In the past year, an unusual number of ICBC cases have proceeded to trial.  This is in large part due to ICBC’s current tactic of offering unreasonable and low ICBC settlement offers.   As a result, numerous trials have been adjourned and postponed because there simply are not enough judges or courtrooms to handle the amount of trials.  This has had a devastating impact to injured claimants who had been waiting years to resolve their claims.

As discussed in a previous blog post, trial judges have punished ICBC’s lowball settlement tactics which waste the court’s resources.

A particularly unusual punishment against ICBC was handed down this week in Johnson v. Heer 2020 BCSC 1751.

At trial, the trial judge awarded the injured claimant $147,512.47 for pain and suffering, past loss of income, future loss of income, cost of future care and special damages.  Before trial, ICBC’s offer to settle was $41,000.00 and the injured claimant’s settlement offer was $80,000.00.

The trial judge noted that ICBC did not strenuously defend the claim.  Liability was admitted and ICBC elected not to call any evidence at all.

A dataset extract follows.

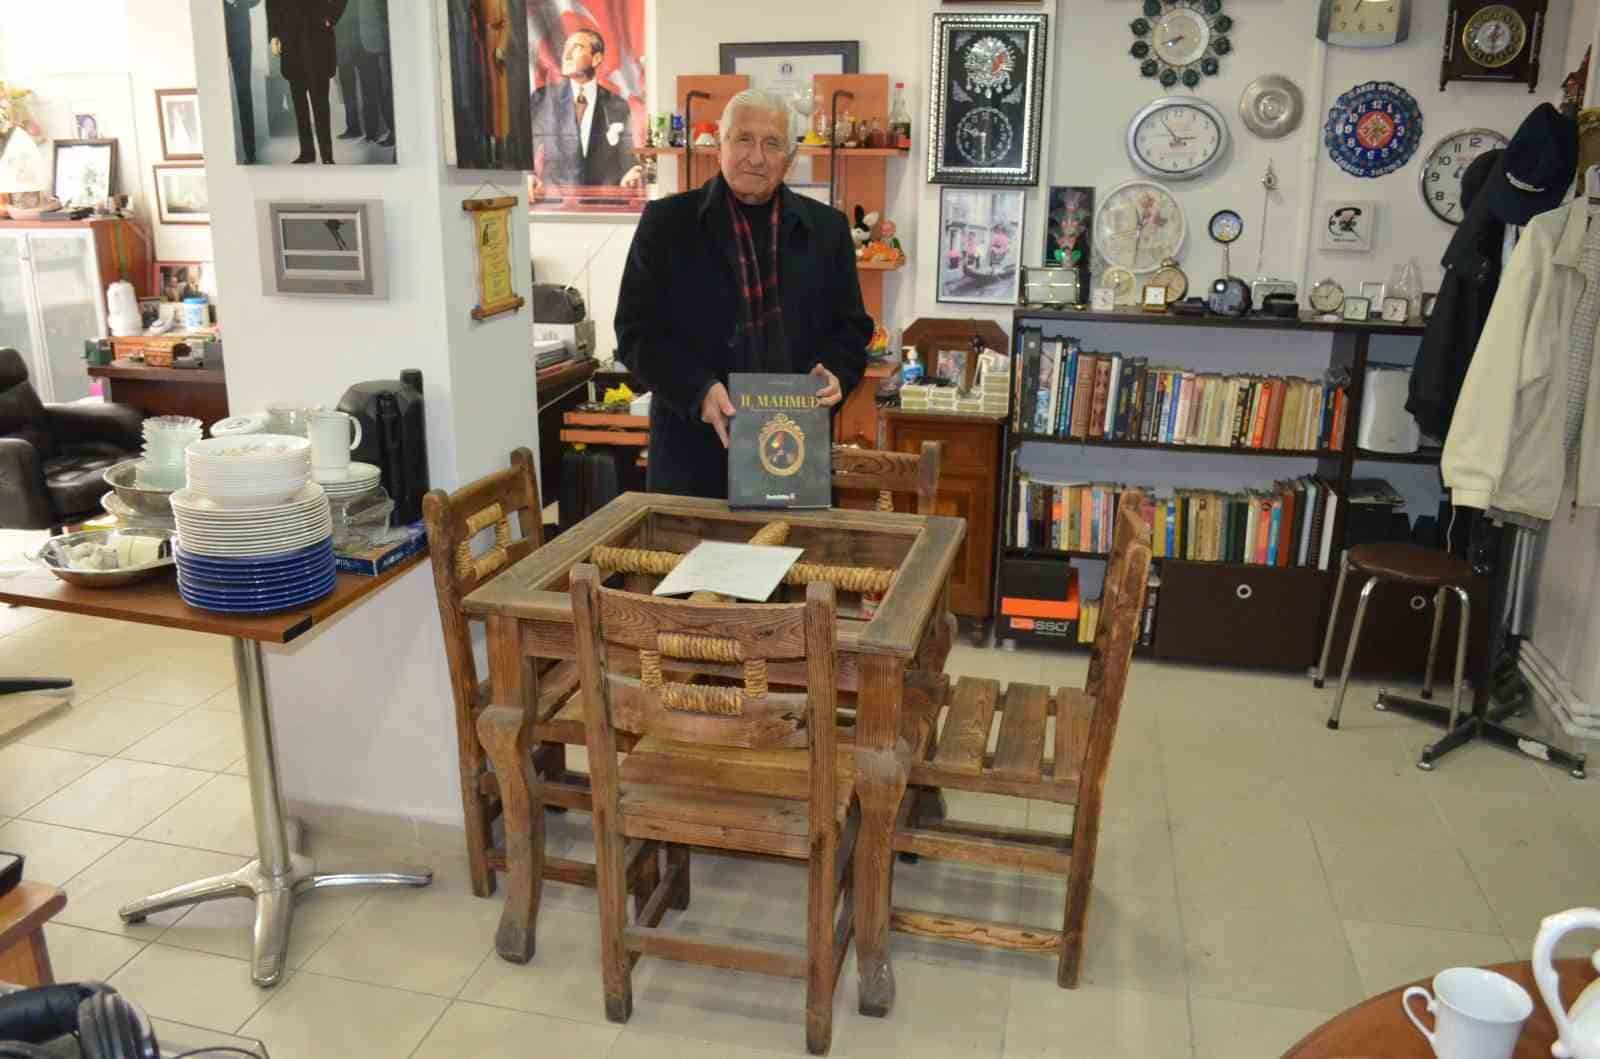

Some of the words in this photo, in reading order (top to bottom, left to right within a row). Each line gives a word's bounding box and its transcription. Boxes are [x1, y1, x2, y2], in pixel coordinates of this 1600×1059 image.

As punishment against ICBC for clearly wasting the court’s time by refusing to settle fairly and reasonably, the trial judge awarded the injured claimant “double costs”.  The purpose of double costs is to encourage parties to carefully assess the strength or lack thereof of their cases, to discourage the continuation of doubtful cases and to encourage settlement  wherever possible thus freeing up judicial resources for other cases.

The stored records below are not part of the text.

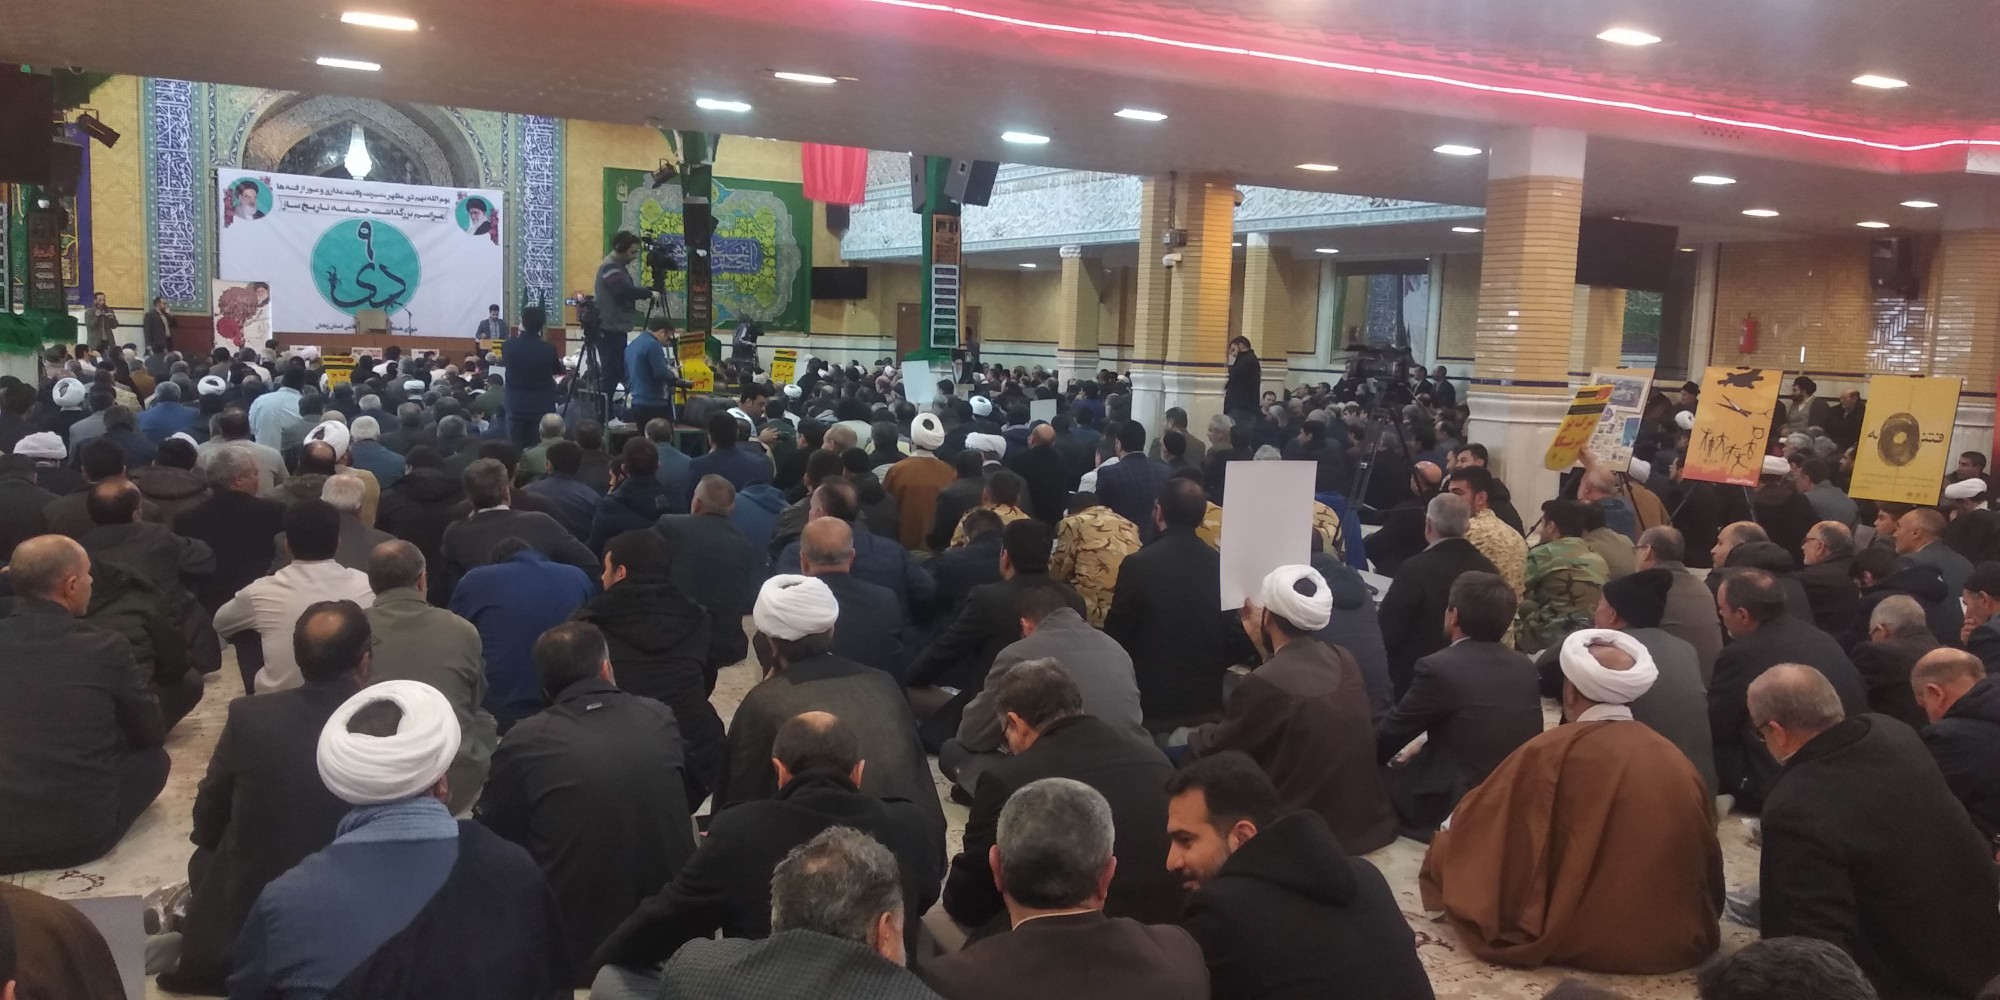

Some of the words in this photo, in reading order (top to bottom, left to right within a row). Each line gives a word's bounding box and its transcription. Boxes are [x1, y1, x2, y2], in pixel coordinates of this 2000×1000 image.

[281, 200, 300, 210] ساز
[302, 201, 329, 214] تاریخ
[331, 204, 371, 214] حماسه
[371, 207, 413, 219] بزرگداشت
[414, 211, 445, 221] مراسم
[358, 221, 374, 260] ۹
[327, 262, 406, 308] دی

The injured claimant also made a novel argument to further punish ICBC for its unreasonable behaviour.  He sought “uplift costs” for trial preparation and the trial itself which was unnecessary if ICBC had attempted to negotiate fairly.  In awarding uplift costs to the injured claimant, the trial judge stated:

[33]         This brings me to what I consider to be the unusual circumstances that warrants an award of uplift costs on the specific facts of this case. At trial, the defendant submitted that the plaintiff’s damages ought to be in the range of $69,943 to $111,943. The lower range of the defendant’s submission was some $28,942 higher than the defendant’s own formal offer to settle, which remained open until the eve of trial. Even more unusual is that the upper range of the defendant’s submission was $31,943 higher than the plaintiff’s final formal offer to settle, (which also had remained open until the eve of trial), and $14,443 higher than the plaintiff’s original formal offer to settle.

[34]         In these circumstances, it would appear the only reason the defendant did not accept either of the plaintiff’s offers was to simply force the plaintiff to go to trial. This conduct required the plaintiff to expend even more funds than it already had. It is difficult to fathom why the defendant would force the trial to proceed when it could have settled the trial for less money than it submitted the plaintiff was entitled to at trial.

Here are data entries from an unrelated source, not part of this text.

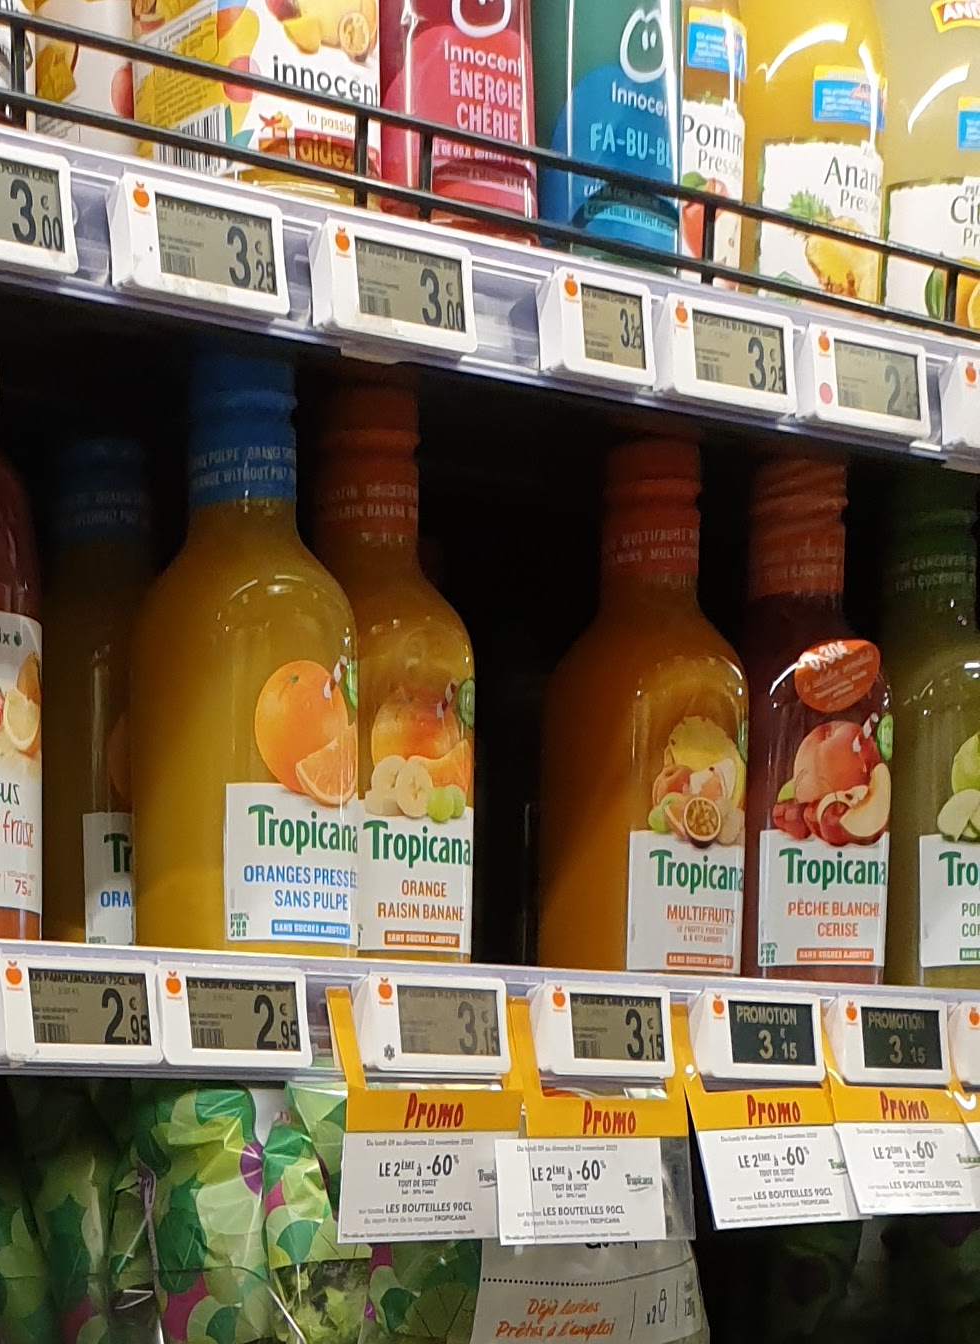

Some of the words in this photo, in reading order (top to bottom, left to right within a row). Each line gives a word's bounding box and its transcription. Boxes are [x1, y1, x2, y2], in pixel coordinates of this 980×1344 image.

[456, 98, 519, 142] CHÉRIE
[363, 820, 471, 868] Tropicana
[243, 864, 311, 883] ORANGES
[779, 848, 886, 890] Tropicana
[401, 879, 447, 898] ORANGE
[274, 889, 311, 908] SANS
[313, 891, 348, 912] PULPE
[378, 902, 420, 919] RAISIN
[422, 904, 464, 922] BANANE
[667, 905, 735, 923] MULTIFRUITS
[817, 922, 859, 937] CERISE
[736, 1005, 798, 1026] PROMOTION
[404, 1092, 464, 1130] Promo
[747, 1093, 801, 1127] Promo
[880, 1090, 930, 1121] Promo
[582, 1100, 637, 1135] Promo
[403, 1202, 451, 1214] BOUTEILLES
[558, 1205, 604, 1216] BOUTEILLES

[35]         While the defendant is not required to make an offer, it did. Moreover, while the defendant is not required to accept an offer, they have agreed that they should have. Clearly, this concession is not based solely upon the benefit of hindsight after the judgment was rendered. The defendant knew at the time of trial that it should have accepted the plaintiff’s offer, as evidenced by their submission at trial that the range the plaintiff was entitled to was more than the plaintiff had offered. Instead, the defendant forced the plaintiff to trial to obtain what the defendant itself obviously considered to be a fair result, when there was a clear and open way to avoid the need for the trial at all.

[36]         Moreover, I note that this trial proceeded a matter of just a few weeks after the court resumed limited operations following its closure due to the COVID‑19 pandemic. The pandemic was at its relatively early stages at the time of the trial, and public health officials had urged British Columbians to limit their exposure to public places to only essential matters. In the circumstances I have described, attendance at this trial was not essential and it exposed the plaintiff, her husband, her mother, her counsel and defence counsel to an increased risk of exposure to the virus. In these unusual circumstances, I find that an award of costs on the usual scale would be unjust, and I exercise my discretion to award uplift costs to the plaintiff for trial preparation and attendance at trial for items 34 and 35 of the Tariff.

Despite what the NDP has tried to convince the public of, this case serves as a prime example of how ICBC is the problem, not injured claimants or their counsel.